6th October 2017, 13:45 | Leeds

McDermott: Grand Final win would be final chapter in best-seller

McDermott: Grand Final win would be final chapter in best-seller

Leeds Rhinos coach Brian McDermott reckons it would make a best- seller if his team complete their comeback with victory in Saturday's Grand Final.

Already the most successful coach in the club's history, McDermott is aiming to guide the Rhinos to a fourth Betfred Super League title in seven years when they meet neighbours Castleford Tigers at Old Trafford.

Yet 12 months ago, Leeds were relieved to still be in Super League after battling to avoid relegation through the Super 8s Qualifiers.

"I wouldn't rank it alongside the others if we win but I'd buy the book," McDermott said. "I think it's a great story."

Leeds, champions in 2015, were rock bottom of the table for much of last season, which began disastrously when they found themselves without their Kirstall training base after it was washed away in the Boxing Day flood.
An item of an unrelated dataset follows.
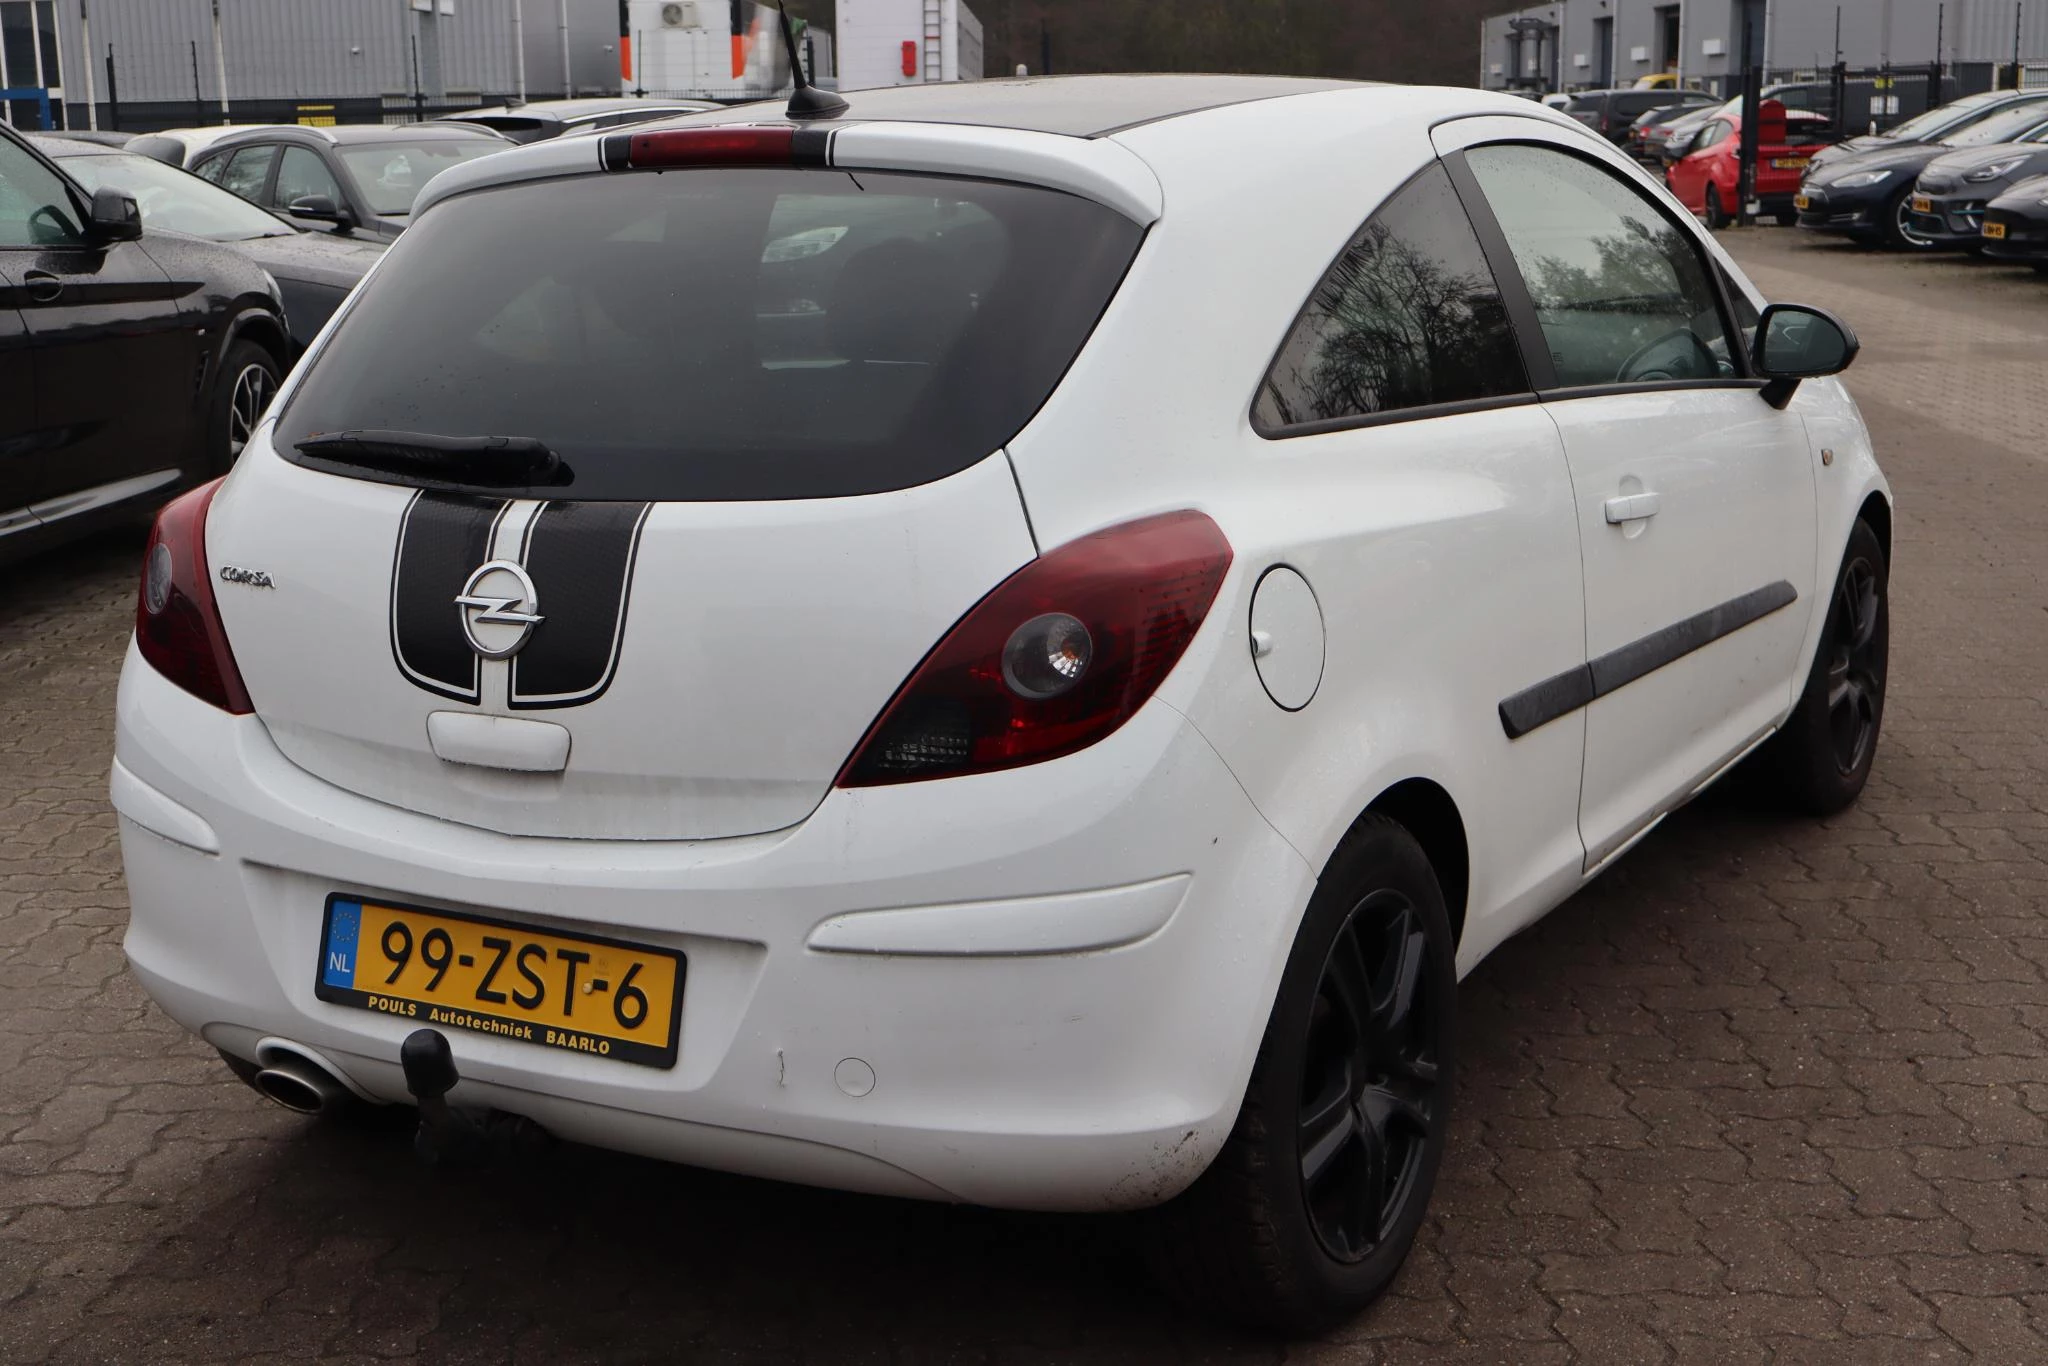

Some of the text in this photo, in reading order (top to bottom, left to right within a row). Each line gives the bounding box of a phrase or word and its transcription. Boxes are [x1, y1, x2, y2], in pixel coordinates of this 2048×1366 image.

[329, 952, 351, 973] NL
[381, 920, 648, 1029] 99-ZST-6
[368, 995, 610, 1055] POULS Autotechniek BAARLO
Already rebuilding following the departure of all-time greats Kevin Sinfield, Jamie Peacock and Kylie Leuluai, the Rhinos were beset by injuries, particularly to new skipper Danny McGuire, and pressure mounted on their coach.

Chief executive Gary Hetherington insists he never considering sacking his coach and McDermott says he never lost faith in his own ability.

"I've talked about last year a million times and I never get bored of it," he said. "It makes my CV. If someone wants to employ me and says 'let's have a look at what you've done', I'm putting 2016 in there.

"It was well worth going through that horrible year for some of the things that came out of it. I think our club as a whole was brilliant throughout.

"I can't describe to you how much we went through and for us to be on a level playing field with everybody else and to reach the Grand Final, I'm very proud."

McDermott, who became the longest-serving coach in Super League when Tony Smith left Warrington Wolvesat the end of the season, has praised his club for holding their nerve but does admit to making mistakes and questioning his own role in the club's fall from grace.

"A lot of it was out of our control but I do concede we weren't good enough as well," he added.

"If I'd have had my time again, I'd have stopped being brave, thinking that by round 10, 11, 12 we wouldn't be affected. I should have really realised the lack of pre-season affected us earlier.

"It was never about whether I'd lost the group or the group had lost interest in me. But, if you are asking me at times do I feel I could have been the problem, of course I have.

"If I want this group to be as good as it can be, I want to explore every single option. I even cut the Steeden balls in half to see if there was a difference in the quality compared to the Rhino ball.

"I've asked questions of myself and, if I thought it was me, I'd have done something about it. The responsibility I feel for the team and for the club is huge.

"So when we were 12th and I got asked if I felt like walking away from it, I said: 'What, and leave them at 12th?' No, I felt it was my responsibility to get the club back to where they were."